## [Assignment]
The records below must be repeated exactly, but without their pictures.

## [Data for review]
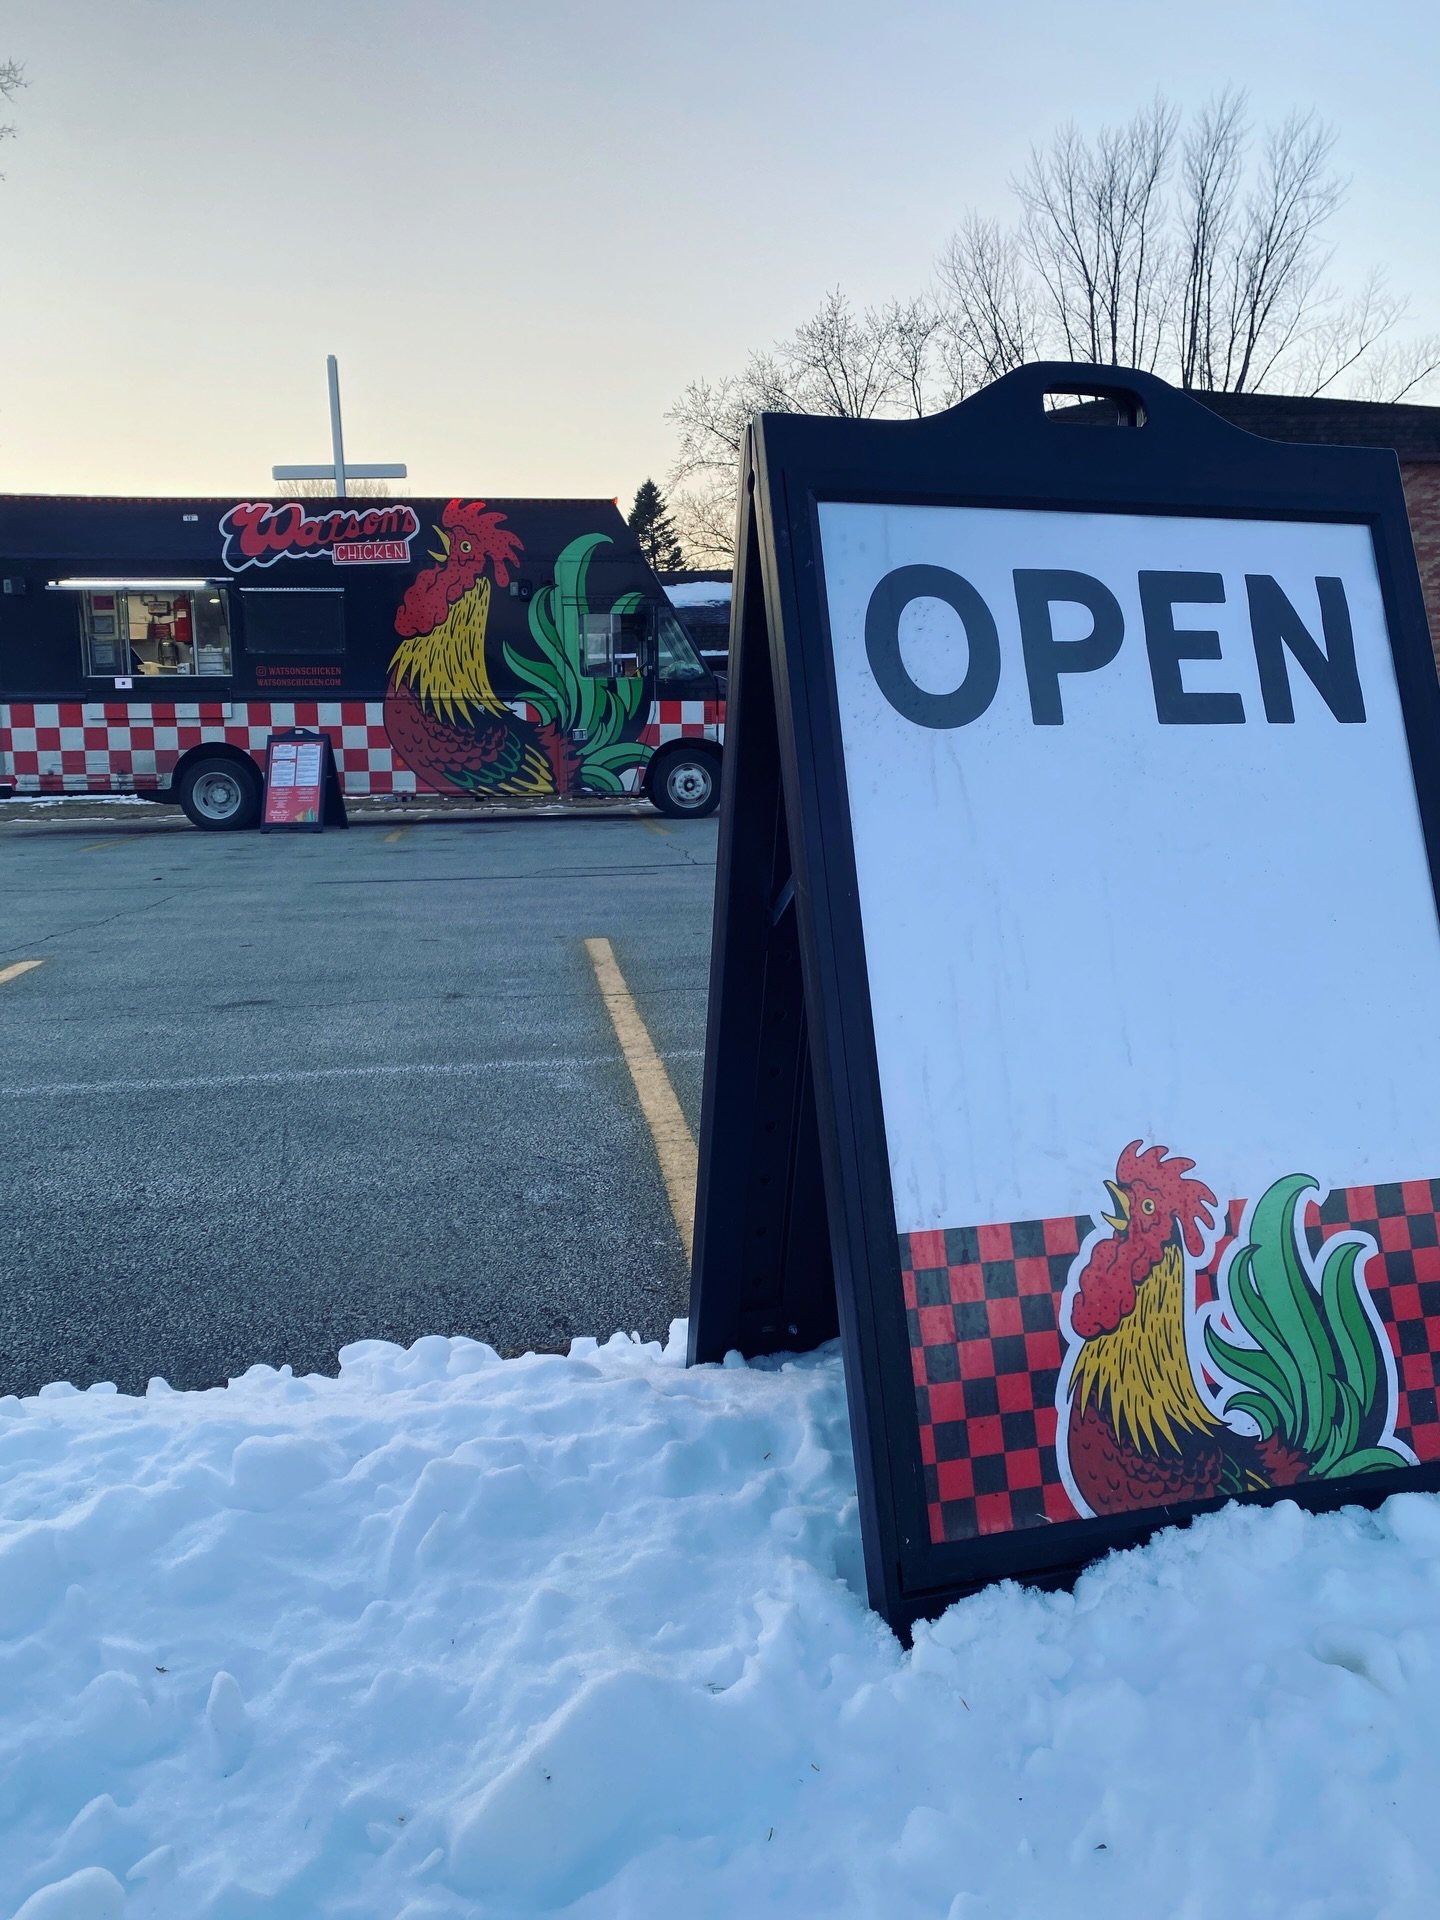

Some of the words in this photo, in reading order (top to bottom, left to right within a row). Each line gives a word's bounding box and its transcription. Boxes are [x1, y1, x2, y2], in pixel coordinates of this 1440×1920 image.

[231, 506, 417, 557] Watson's
[336, 543, 405, 561] CHICKEN
[865, 564, 1367, 729] OPEN
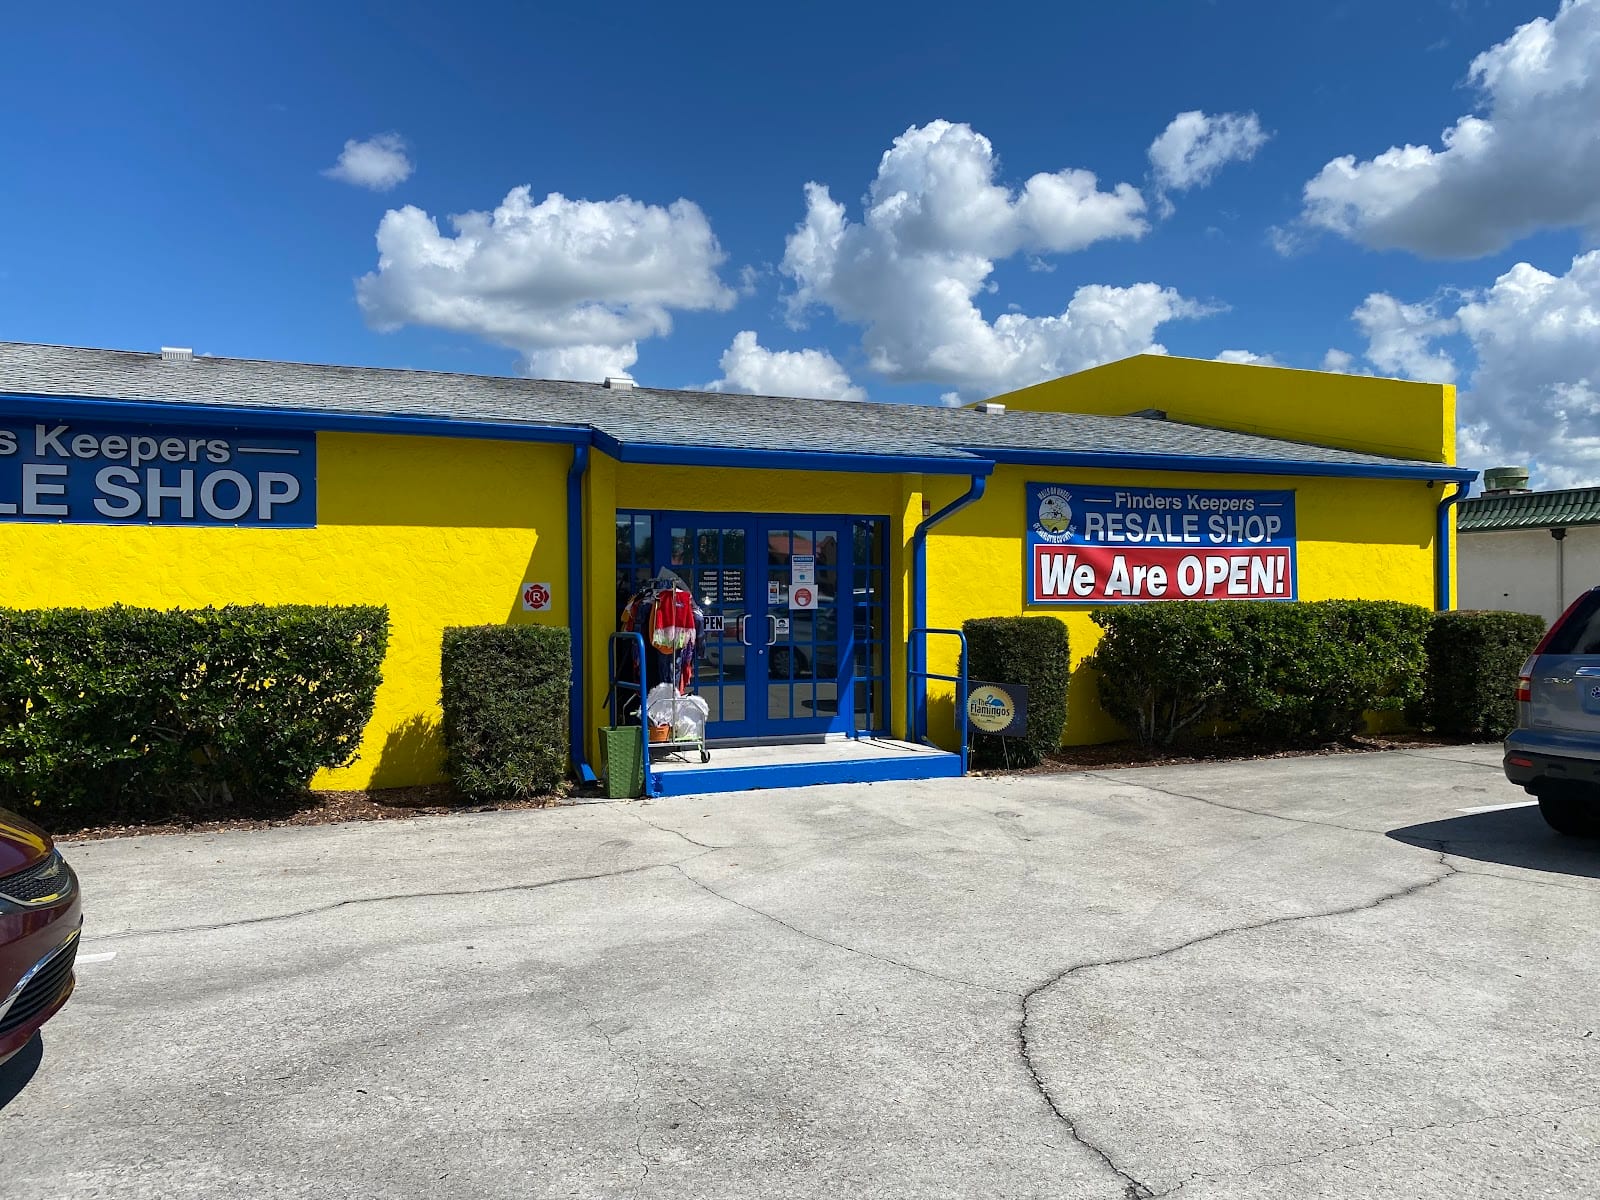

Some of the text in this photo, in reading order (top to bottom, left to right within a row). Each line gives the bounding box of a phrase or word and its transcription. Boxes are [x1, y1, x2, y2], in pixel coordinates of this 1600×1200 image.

[35, 424, 231, 467] Keepers
[93, 465, 300, 520] SHOP
[1115, 492, 1255, 514] Finders Keepers
[1084, 512, 1282, 544] RESALE SHOP
[1040, 553, 1286, 597] We Are OPEN!
[532, 592, 541, 601] R
[703, 616, 723, 630] PEN
[970, 703, 1010, 717] Flamingos
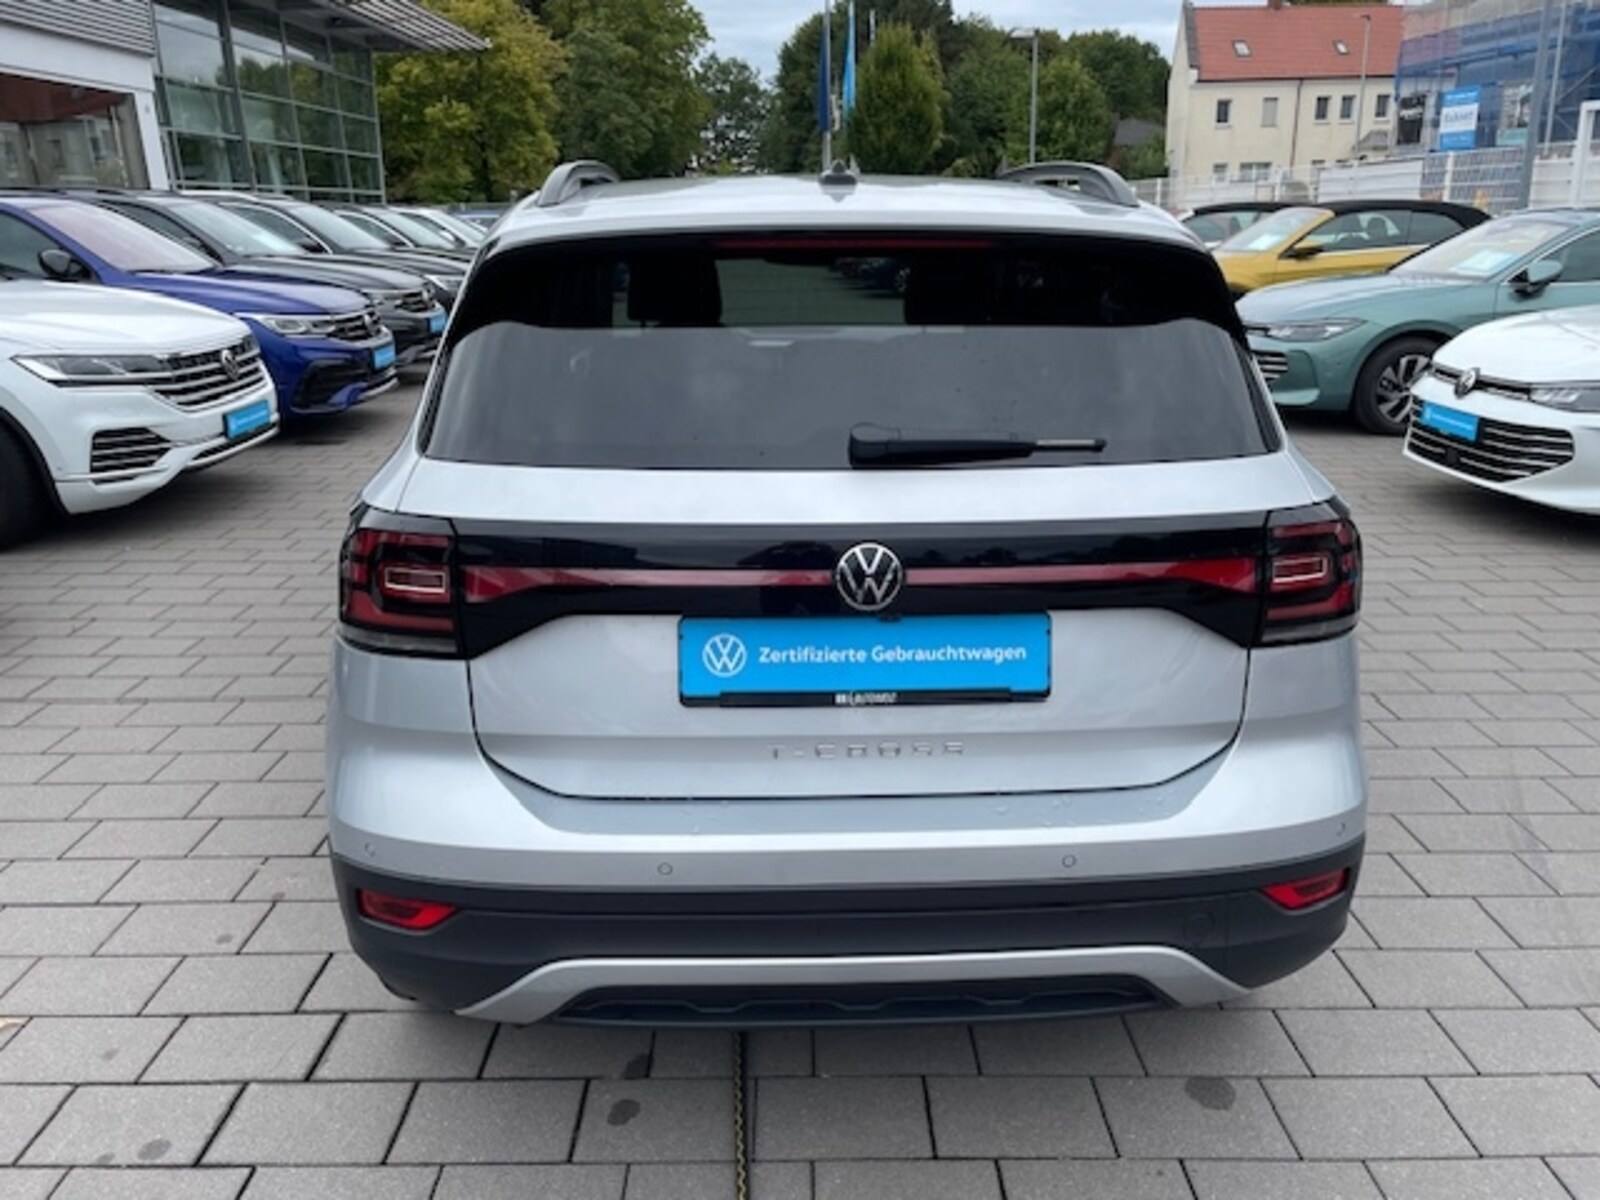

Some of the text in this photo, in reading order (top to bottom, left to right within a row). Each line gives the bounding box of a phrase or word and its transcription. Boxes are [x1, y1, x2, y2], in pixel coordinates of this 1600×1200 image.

[758, 646, 867, 664] Zertifizierte
[871, 644, 1027, 664] Gebrauchtwagen
[767, 741, 964, 760] T-CROSS
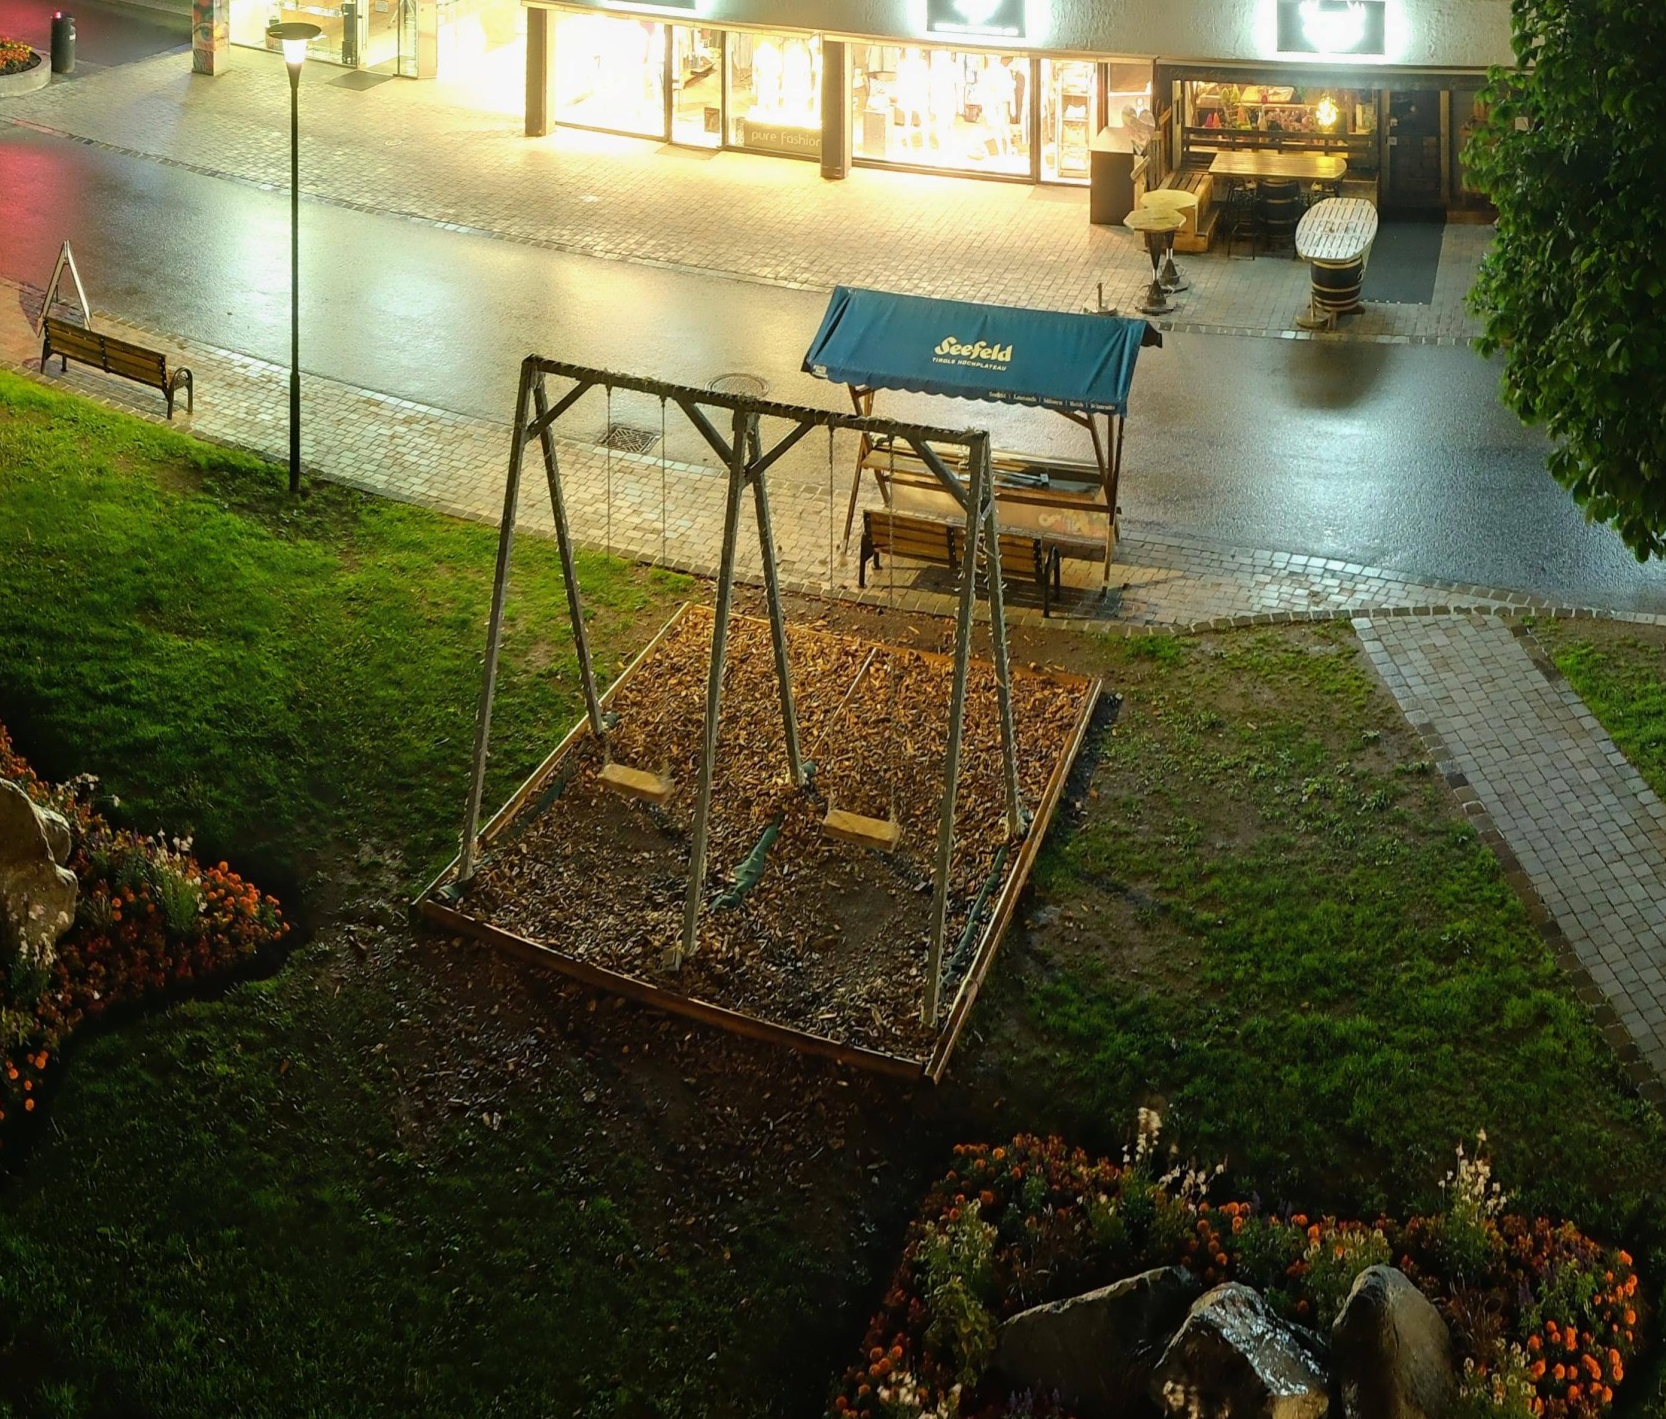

## [Response]
Some of the words in this photo, in reading order (top to bottom, left to right within a row). Each line gives a word's bounding box and its transcription. Boxes are [x1, y1, x2, y2], in pixel coordinates of this 1440×1920 image.

[231, 506, 417, 557] Watson's
[336, 543, 405, 561] CHICKEN
[865, 564, 1367, 729] OPEN

Some of the text in this photo, in reading order (top to bottom, left to right within a row). Each line gives the bounding box of a phrase or word and its transcription. Boxes are [x1, y1, x2, y2], in pixel coordinates of this 1600×1200 image.

[35, 424, 231, 467] Keepers
[93, 465, 300, 520] SHOP
[1115, 492, 1255, 514] Finders Keepers
[1084, 512, 1282, 544] RESALE SHOP
[1040, 553, 1286, 597] We Are OPEN!
[532, 592, 541, 601] R
[703, 616, 723, 630] PEN
[970, 703, 1010, 717] Flamingos

Some of the text in this photo, in reading order (top to bottom, left to right within a row). Each line gives the bounding box of a phrase or word and its transcription. Boxes are [x1, y1, x2, y2], in pixel coordinates of this 1600×1200 image.

[758, 646, 867, 664] Zertifizierte
[871, 644, 1027, 664] Gebrauchtwagen
[767, 741, 964, 760] T-CROSS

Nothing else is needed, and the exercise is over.